Si bien el filósofo alemán ha sido criticado por su benevolencia con el
absolutismo contemporáneo (siglo XVIII), también debemos reconocer la
complejidad de su planteamiento, donde las contraposiciones son indispensables.
En ese sentido, el movimiento contradictoria de la democracia también ha
avanzada entre la tesis y antítesis, del pueblo-nación y el Estado. Casi
siempre las élites parecen salirse con la suya, pero jamás han logrado desligarse
de su sombra: el pueblo como primer y último reducto de la soberanía.
Conforme
ha avanzado la globalización, el tema de la soberanía presenta una nueva cara. En
el mundo global son los acuerdos internacionales, las empresas trasnacionales y
el tramado de instituciones mundiales quienes parecerían estar jugando a las
escondidillas contra el soberano-nación. Durante las revoluciones precedentes,
el pueblo ha demostrado su soberanía en la práctica (derrocando gobiernos en el
extremo), pero para un contexto global los resultados planetarios parecieran escaparse del escrutinio del
pueblo soberano, que se divide entre naciones separadas.

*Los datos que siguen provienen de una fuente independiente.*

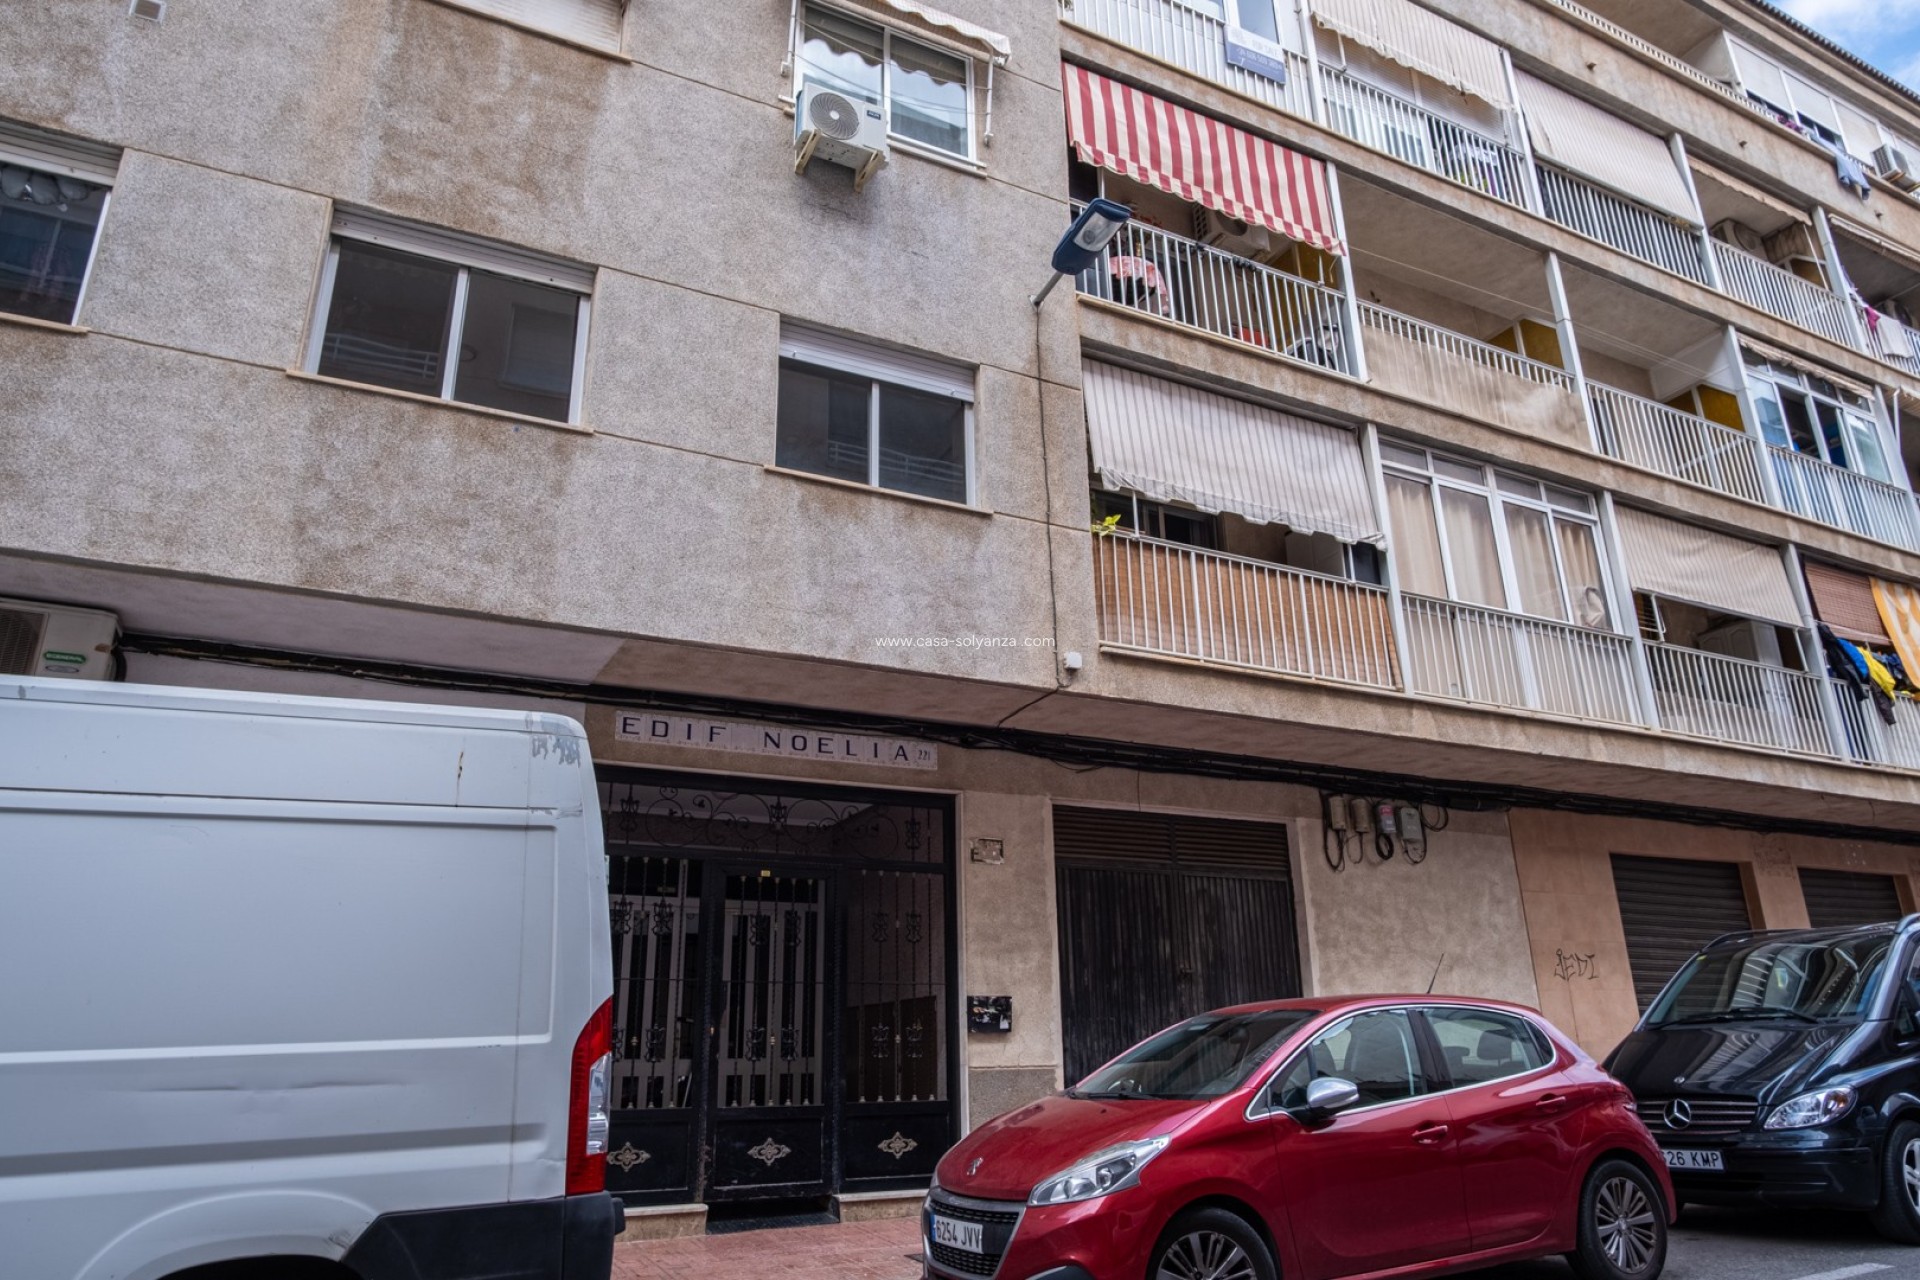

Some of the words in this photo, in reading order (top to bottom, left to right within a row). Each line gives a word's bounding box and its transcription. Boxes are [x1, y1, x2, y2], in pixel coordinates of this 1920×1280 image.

El plano de las
decisiones globales estaría quedando en manos de “acuerdos” entre los
gobernantes y dejando con un palmo de narices al soberano-nacional (dividido),
pues están jugándose las cartas del tema internacional[6].En
el sistema global, nos encontramos con acentuación de esa vulneración
originaria del concepto de soberanía, pues el pueblo solamente sería soberano
en su territorio y ahora el ámbito global traspasa y enreda los territorios,
abarcando temas claves (finanzas, economía, leyes, etc.) Con esta disminución de la soberanía en curso
tampoco se ha creado otra soberanía (ni un sistema mundial ni un
pueblo-humanidad), sino que avanza una dualidad de poderes entre los
representantes del pueblo soberano que son los Estados nacionales (o
multinacionales como la Federación Rusa y la Unión Europea) y el sistema
mundial no-nacional (organismos mundiales, trasnacionales, finanzas
mundiales, red de información, cultura planetaria…) que en su mayor parte no
representa a nada sino a sí mismo.
A nivel
práctico la soberanía (cualquiera que sea) está cuestionada por la
interdependencia global, mientras que la soberanía popular no está vulnerada
por algún contendiente. El binomio soberanía popular con nación, depende de la
relación entre nación y pueblo, que resulta bastante evidente: depende de los
derroteros del tema nacional, ya sea como Estados nacionales compactos (que
nunca puros) o Estados multinacionales. La experiencia de los últimos dos
siglos indica la dificultad enorme de los Estados multinacionales
(Austria-Hungría, URSS, Yugoeslavia, etc.)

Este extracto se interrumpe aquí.